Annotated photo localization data
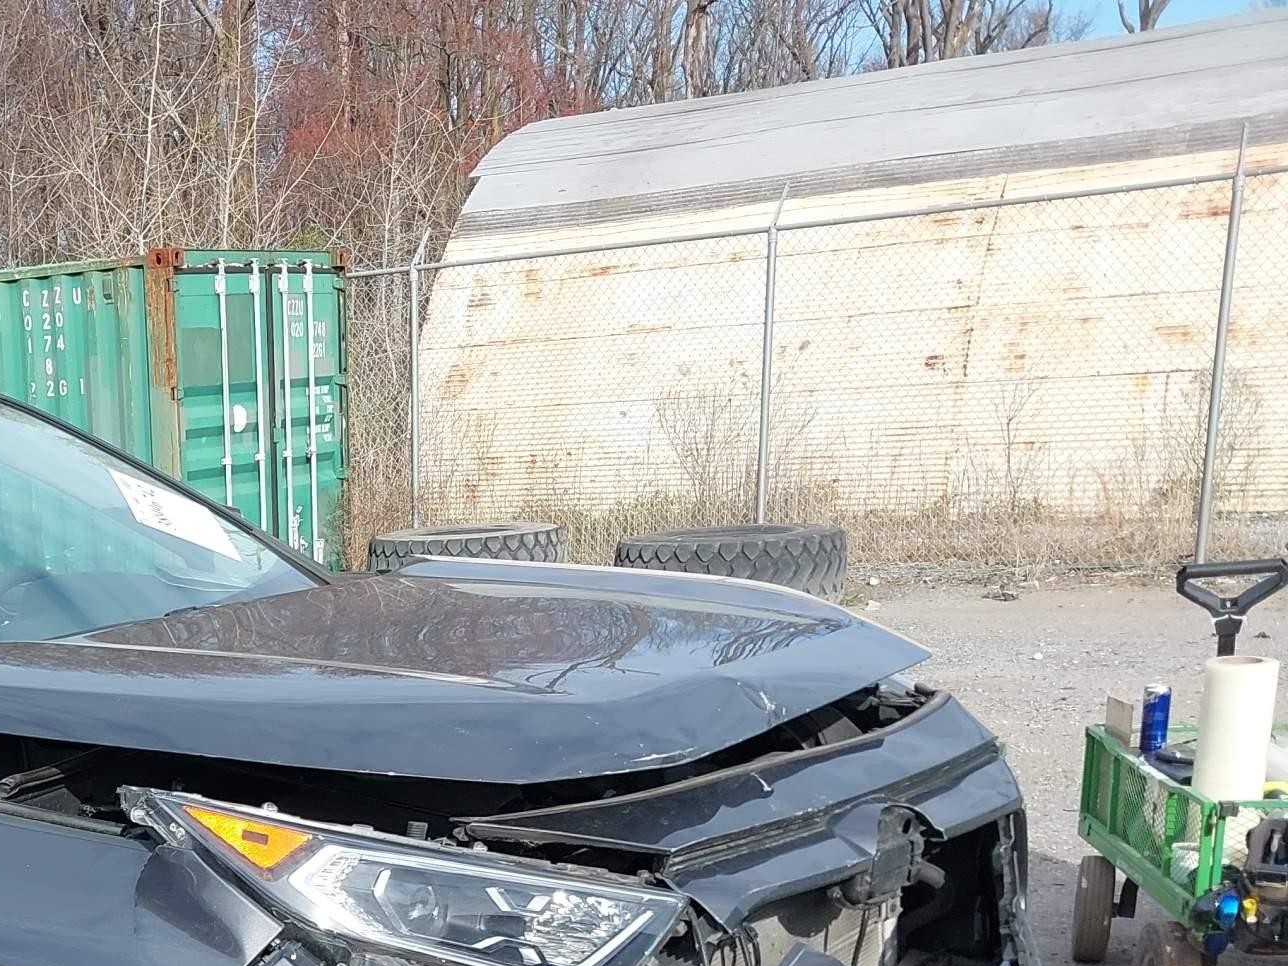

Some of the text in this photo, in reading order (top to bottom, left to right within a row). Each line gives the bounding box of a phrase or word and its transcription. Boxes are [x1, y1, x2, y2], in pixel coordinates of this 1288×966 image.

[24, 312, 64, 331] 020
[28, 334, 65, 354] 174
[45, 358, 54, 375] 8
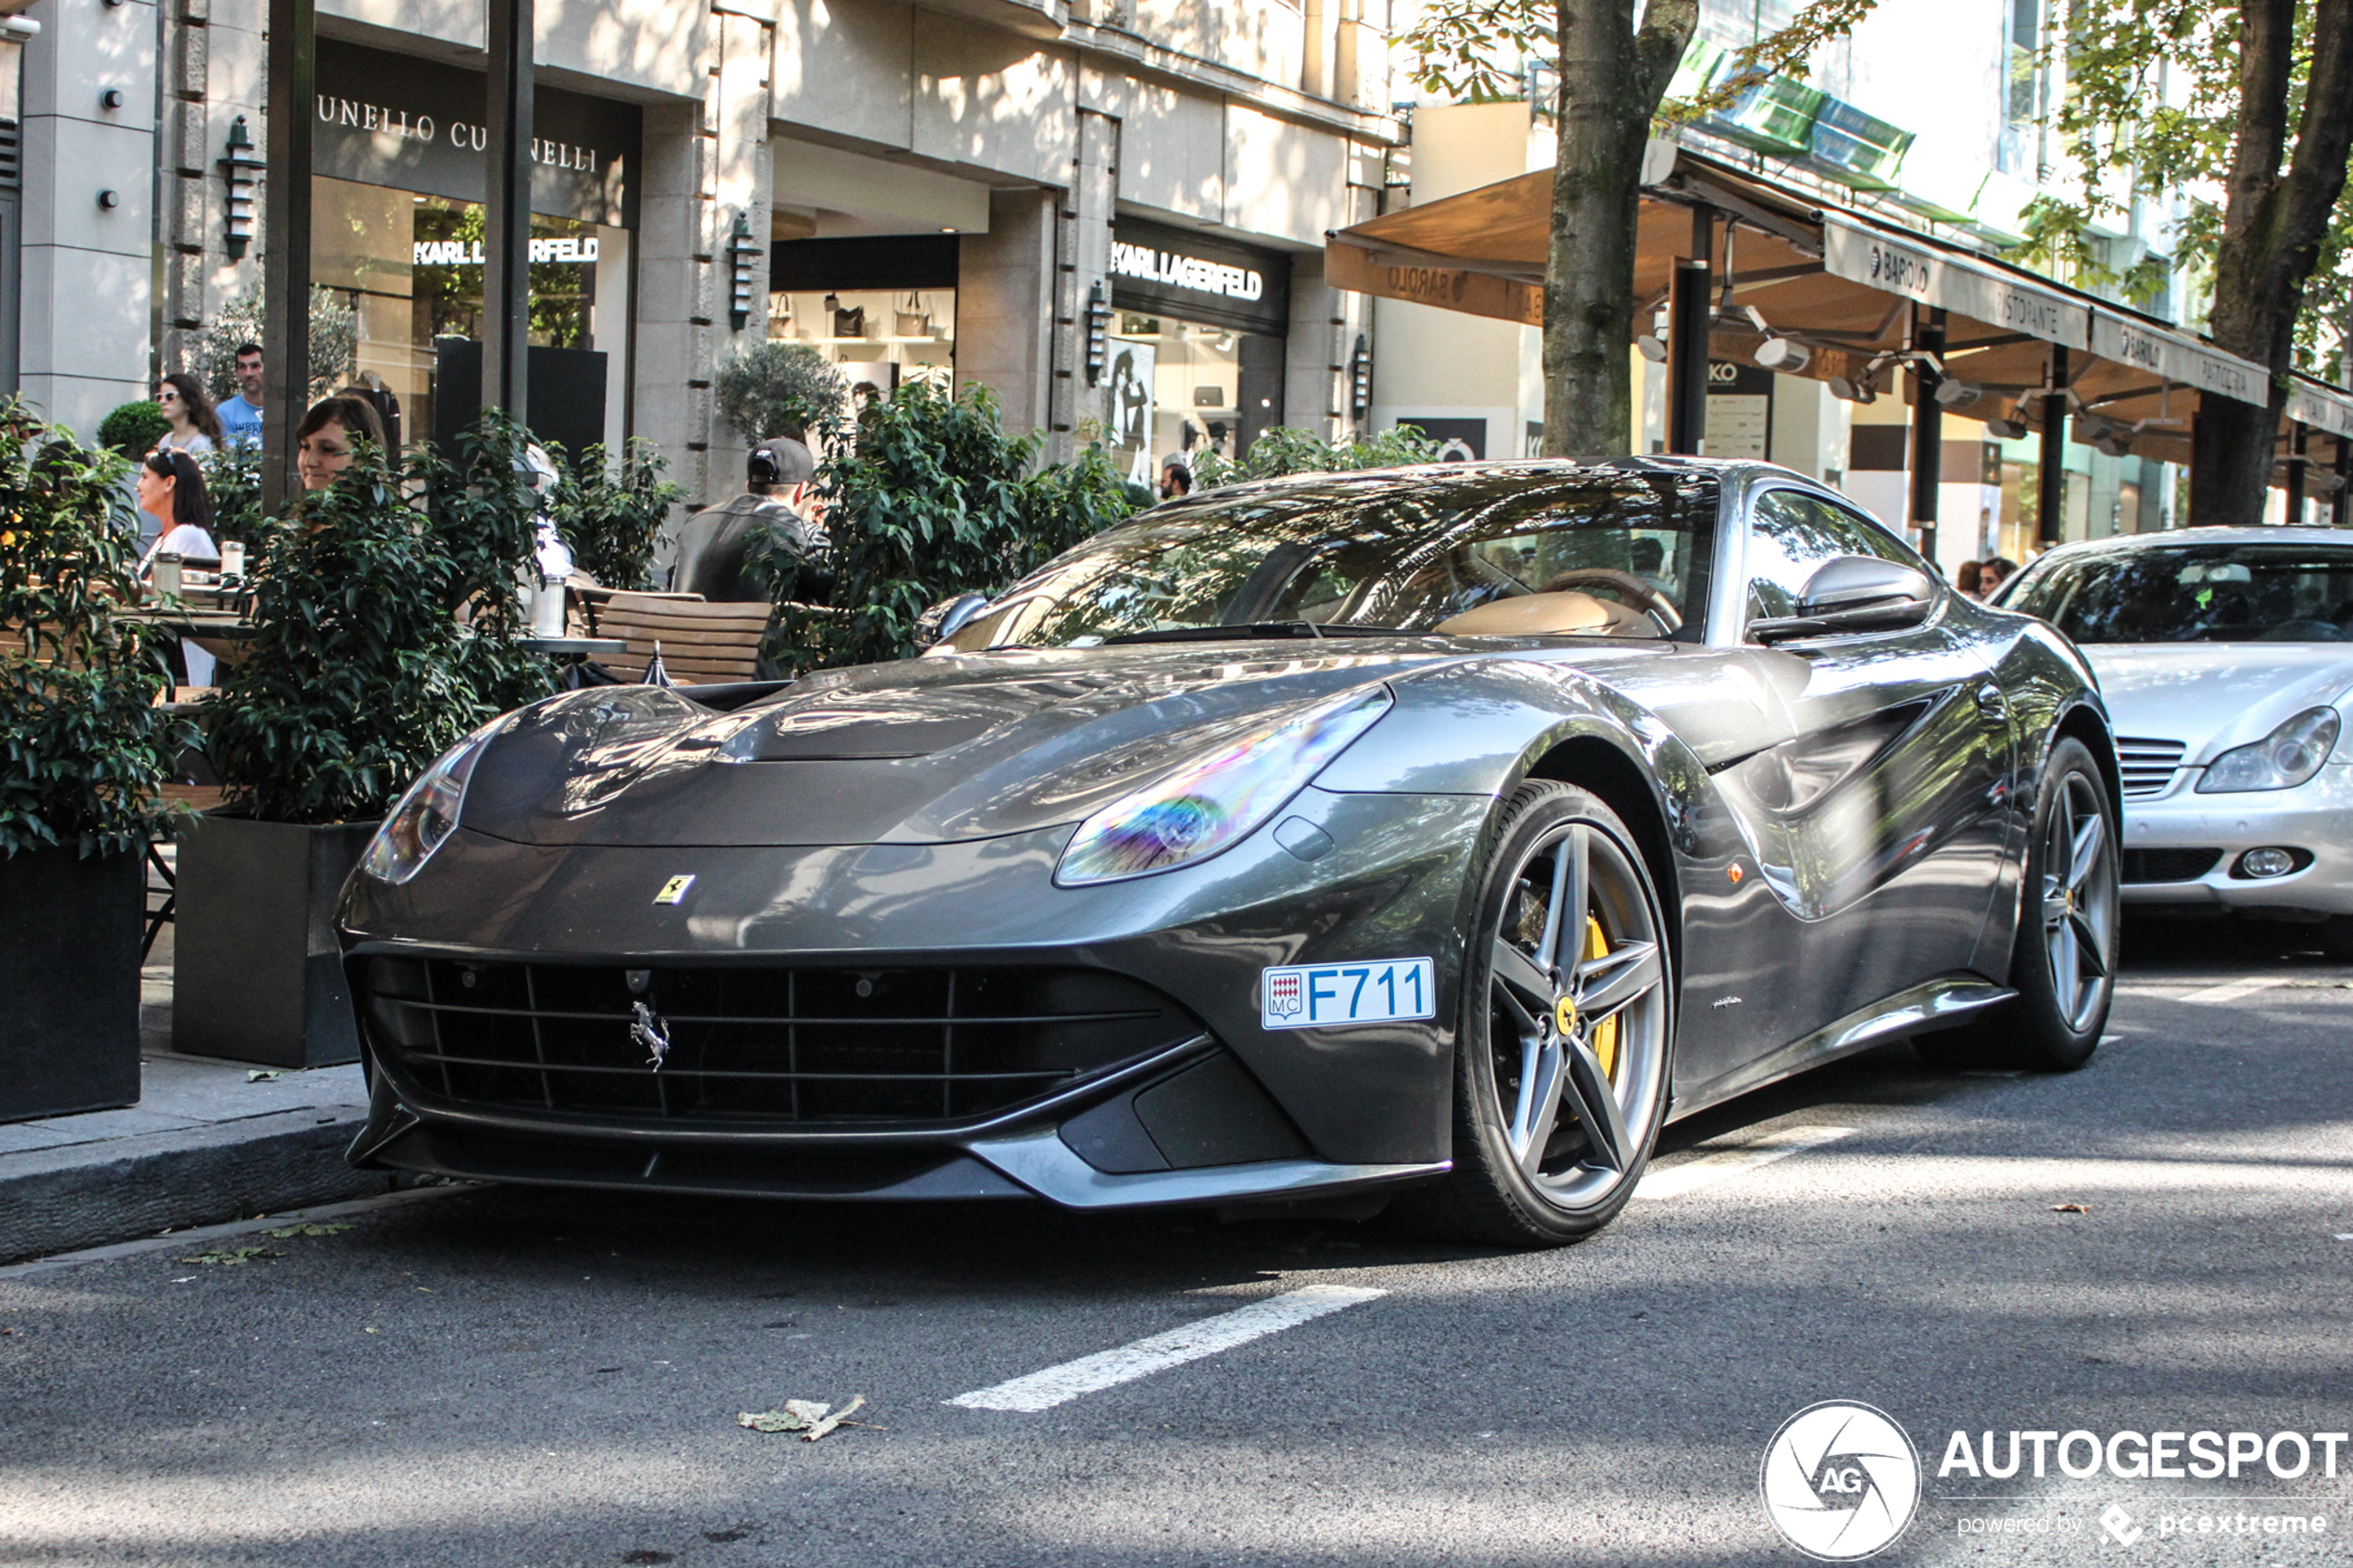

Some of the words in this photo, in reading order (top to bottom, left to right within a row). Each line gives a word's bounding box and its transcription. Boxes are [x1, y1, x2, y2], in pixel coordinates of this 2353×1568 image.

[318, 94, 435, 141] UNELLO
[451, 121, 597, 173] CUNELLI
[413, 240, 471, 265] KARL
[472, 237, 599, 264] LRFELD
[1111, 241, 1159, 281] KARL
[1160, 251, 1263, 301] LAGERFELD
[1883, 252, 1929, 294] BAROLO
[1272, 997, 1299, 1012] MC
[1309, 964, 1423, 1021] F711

WHAT IS REQUIRED
Give back, word for word, only the lines from the one containing "Some of the words" through the closing line of the entries.

THE ANSWER
Some of the words in this photo, in reading order (top to bottom, left to right within a row). Each line gives a word's bounding box and its transcription. Boxes are [x1, y1, x2, y2], in pixel coordinates of this 2353×1568 image.

[318, 94, 435, 141] UNELLO
[451, 121, 597, 173] CUNELLI
[413, 240, 471, 265] KARL
[472, 237, 599, 264] LRFELD
[1111, 241, 1159, 281] KARL
[1160, 251, 1263, 301] LAGERFELD
[1883, 252, 1929, 294] BAROLO
[1272, 997, 1299, 1012] MC
[1309, 964, 1423, 1021] F711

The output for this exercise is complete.